I decided to take last week off from blogging because honestly, I didn’t really have anything on the tip of my tongue to write about, nor was there exactly a break in the crazy action of my life right now to think about it much. But as I have my kids in bed at a decent hour tonight, it gave me a moment to pause and take in two of the wonderful celebrations that the last two weeks bring to my life.
Last Tuesday was my mom’s birthday. Saying I am thankful she is alive right now to celebrate another year is an understatement. There are really no words that could express how much it means to still have her with me and being able to take a trip over to see her on her special day was a joy. On the same day I drove over to celebrate with her, though, I also attended a funeral for my Aunt’s sister that afternoon.

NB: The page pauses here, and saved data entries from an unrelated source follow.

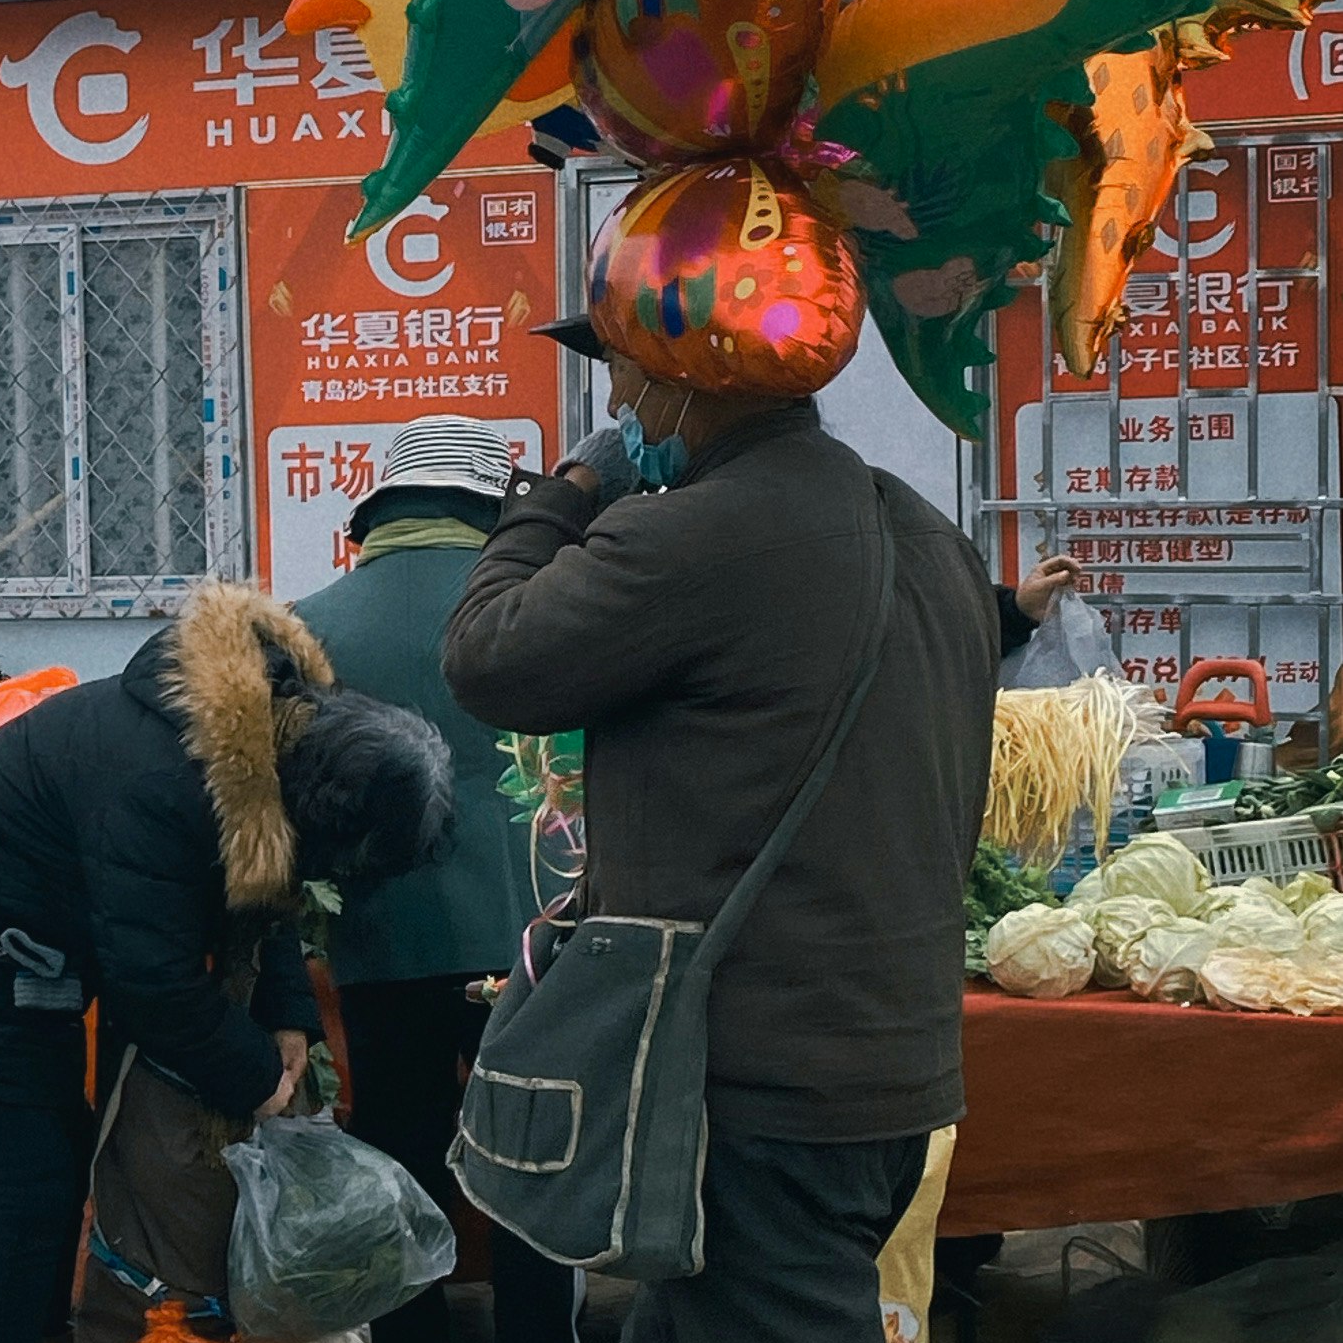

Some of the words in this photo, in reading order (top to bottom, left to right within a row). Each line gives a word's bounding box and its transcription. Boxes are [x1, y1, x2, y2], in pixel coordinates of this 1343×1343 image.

[486, 199, 533, 217] 国有
[486, 221, 533, 238] 银行
[1122, 271, 1294, 316] 夏银行
[301, 306, 505, 353] 华夏银行
[1129, 321, 1180, 338] XIA
[307, 353, 409, 370] HUAXIA
[426, 348, 500, 365] BANK
[301, 373, 510, 403] 青岛沙子口社区支行

She was diagnosed with breast cancer just like my mom a few years ago and although she fought courageously, she lost her battle. I say it was a funeral, but actually I believe they called it a Celebration of Life, which it absolutely was. It was wonderful to hear all the amazing stories people told about her in celebration of what she meant to others. But as we sang some songs, one that had the phrase, “When You don’t move the mountains, I’m asking You to move, I will trust in You,” I began to fall apart.
It gave me such a flashback to how gut-wrenching that day in June of last year was. How desperate I was for my mom to be healed and not knowing if I would ever see her again. And knowing that there were children that now had lost their mother, was difficult to comprehend. Why? My mom asked me the same question that day. Why her and not this woman? They both had hearts of gold and were warriors against cancer, but the endings are different.

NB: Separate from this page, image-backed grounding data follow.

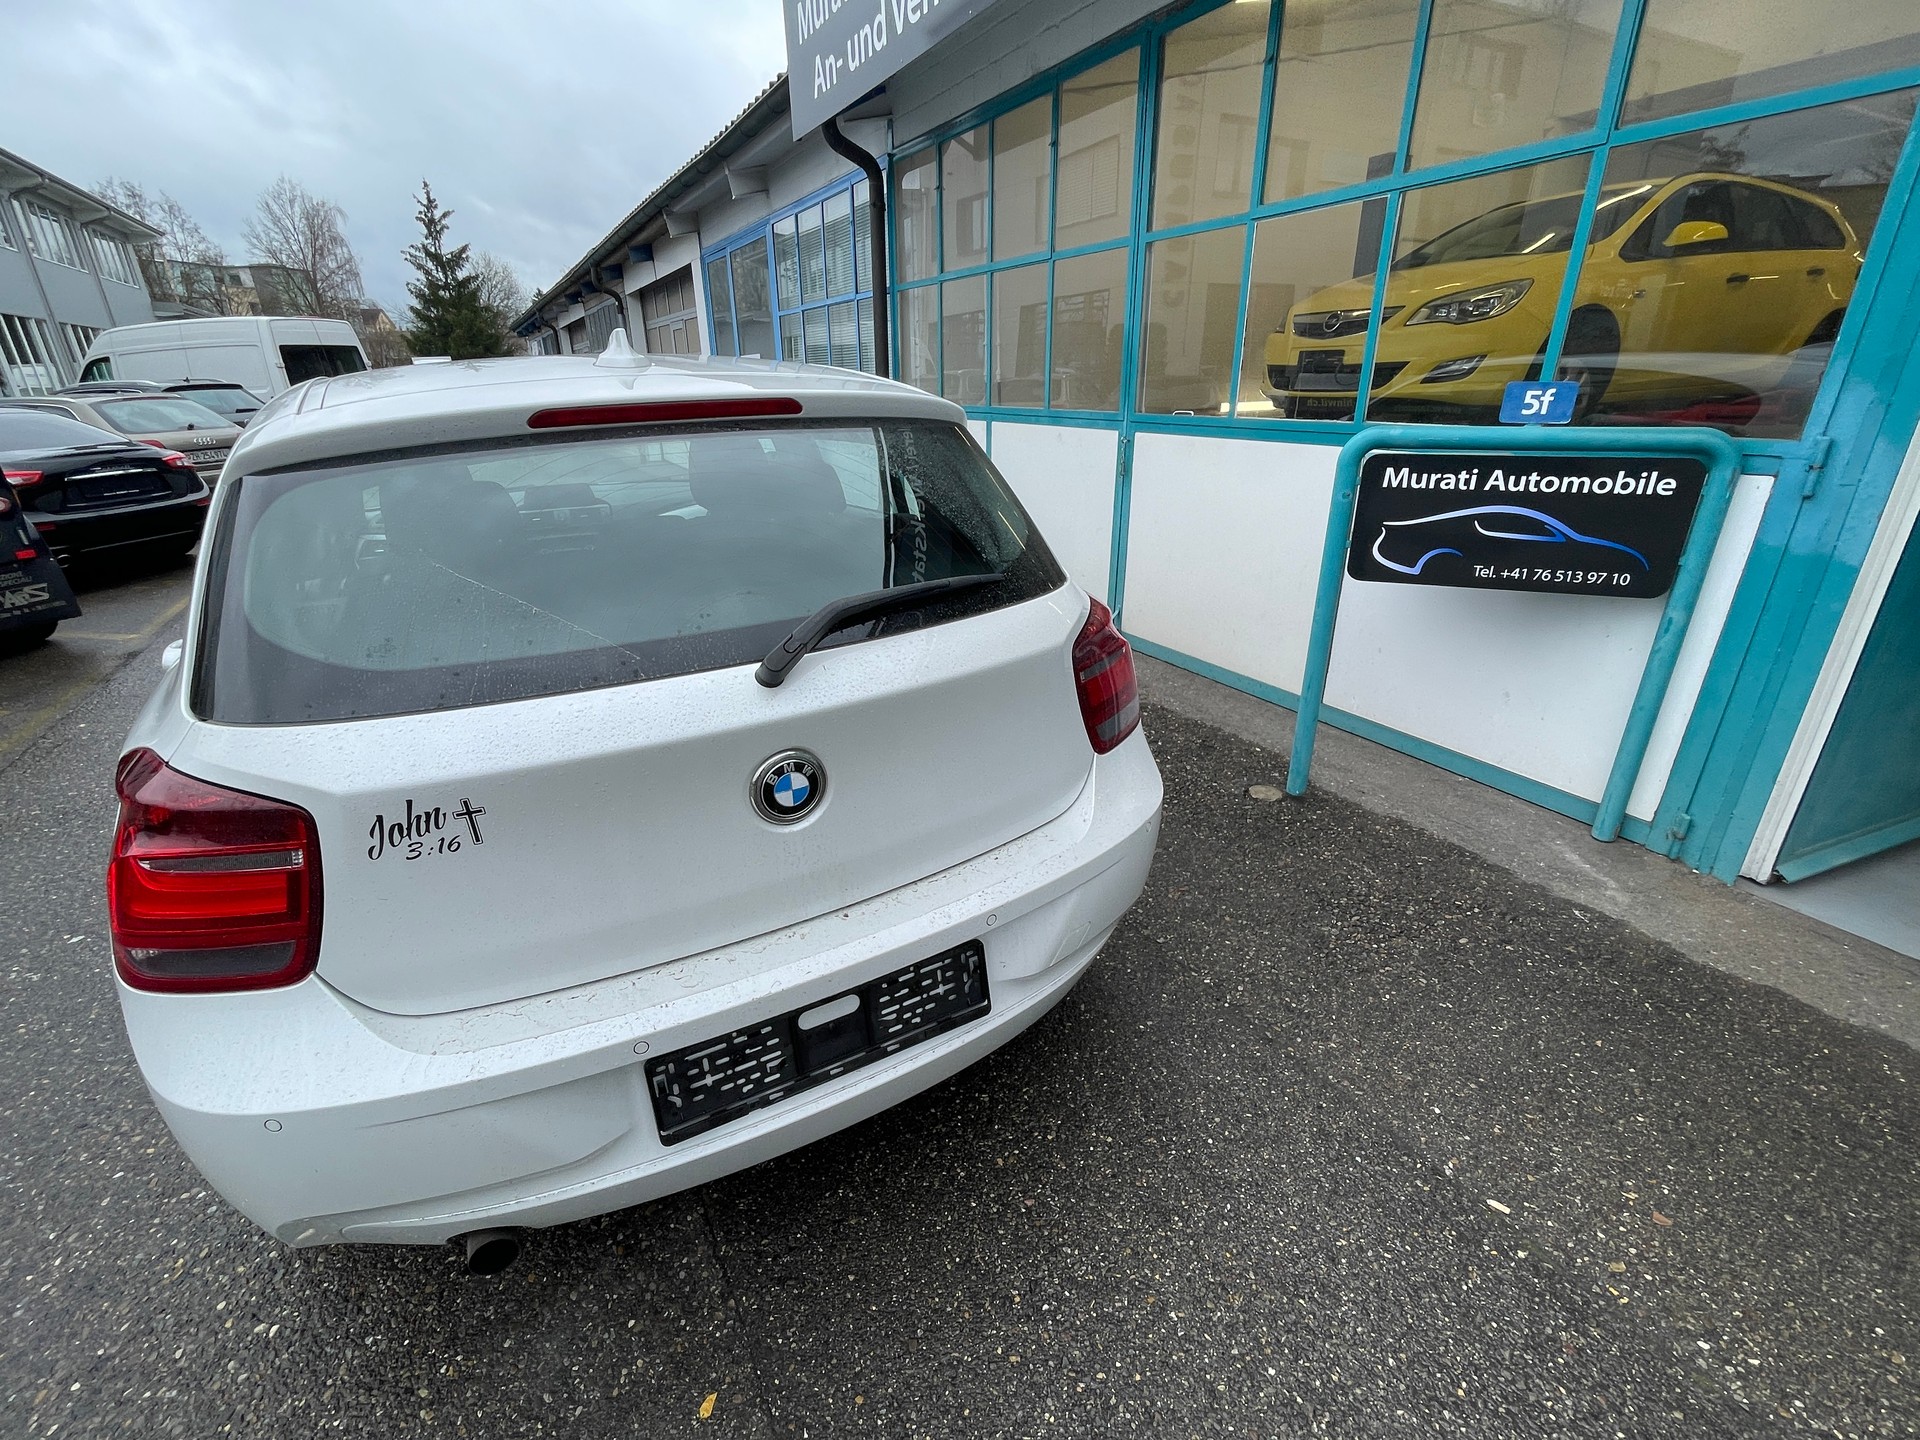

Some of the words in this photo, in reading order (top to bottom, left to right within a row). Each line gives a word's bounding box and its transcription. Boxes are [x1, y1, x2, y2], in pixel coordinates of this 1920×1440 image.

[814, 54, 843, 99] An-
[847, 0, 887, 72] und
[1521, 388, 1556, 416] 5f
[1382, 467, 1479, 491] Murati
[1483, 469, 1677, 497] Automobile
[1473, 565, 1496, 578] Tel.
[1500, 567, 1528, 580] +41
[1533, 568, 1551, 581] 76
[1554, 570, 1583, 583] 513
[1587, 571, 1608, 584] 97
[1612, 573, 1631, 586] 10
[766, 762, 813, 786] BMW
[368, 799, 447, 860] John
[405, 835, 461, 860] 3:16
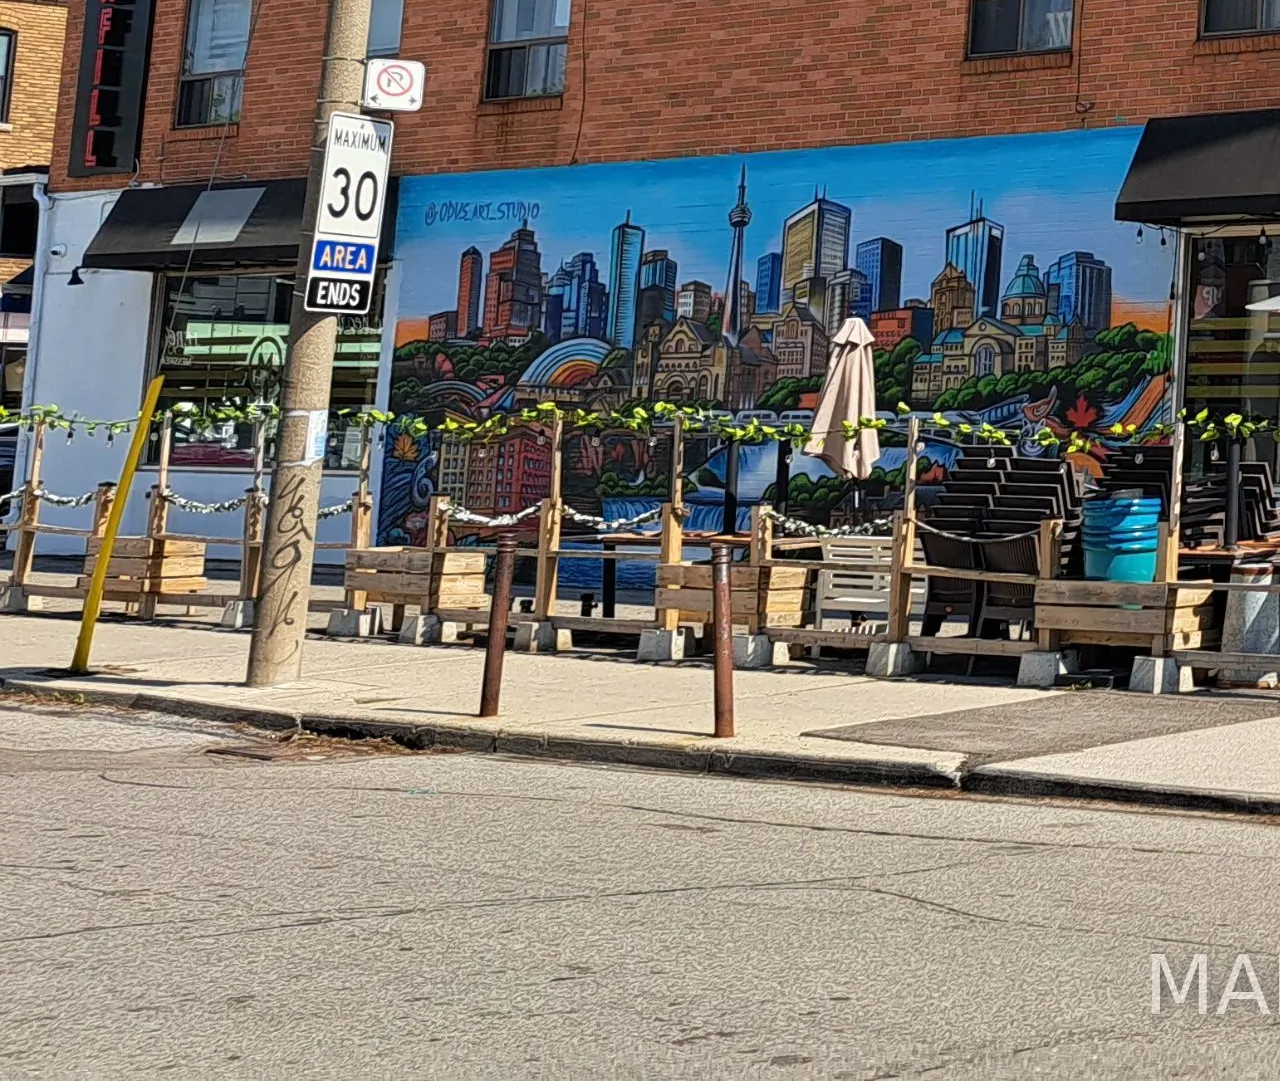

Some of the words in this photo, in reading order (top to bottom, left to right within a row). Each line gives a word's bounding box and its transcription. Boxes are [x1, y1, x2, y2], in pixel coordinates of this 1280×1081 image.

[333, 128, 387, 153] MAXIMUM
[327, 167, 378, 221] 30
[319, 244, 368, 270] AREA
[316, 282, 361, 306] ENDS

Of course I didn’t have an answer for her. That is what’s so incomprehensible about this life, we just don’t know, but the words of that song ring true and I have so much respect for a family that stays strong in their trust of God, even in their darkest hour. It made me hold on to my mom a little tighter that day.
My other celebration comes this Friday with my 16th wedding anniversary. Wow. Kind of crazy, especially since my husband and I got engaged after 10 weeks of knowing each other, so staying together 16 years seems kind of awesome when you think about that. This will be the first time I can remember being apart on our anniversary. Although it’s not that we have elaborate celebrations each year or anything. Because we have lived so far away from family for so long, it’s rare we ever even get to go on a date since we’ve had children. But having him across the country right now hurts a little bit more than usual on such an important day because we are incomplete. We have always been a couple who just wants to be together, it doesn’t matter what we’re doing. So I don’t know if he’s reading this right now, but if you are, I send my love as far as it needs to go to reach you and know we miss you more than you know!
This phase right now, waiting to all be together again, is getting more difficult with each passing day but the words to that song ring true for us also. We must trust even when the mountains we want to move seem to be standing still, when we need what is starting to seem impossible to happen.
With the book getting so close to the finish line and my husband being such a key part of getting to this point, I would love to be doing this together. We have always been a strong team and being without my teammate just plain stinks. But, I have actually felt a strange sort of calm about our house selling lately, even though the showings have not been fruitful so far and the time apart continues to mount. And if there’s one thing I know for sure, it’s that the calm has nothing to do with me and EVERYTHING to do with God. There is no part of me that could be calm right now on my own with uncertainty staring me down each morning. So prayers are continuous because His strength is the only thing that keeps me focused right now, believing His timing will be perfect, even though I wish He had a suggestion box so I could put in my two cents.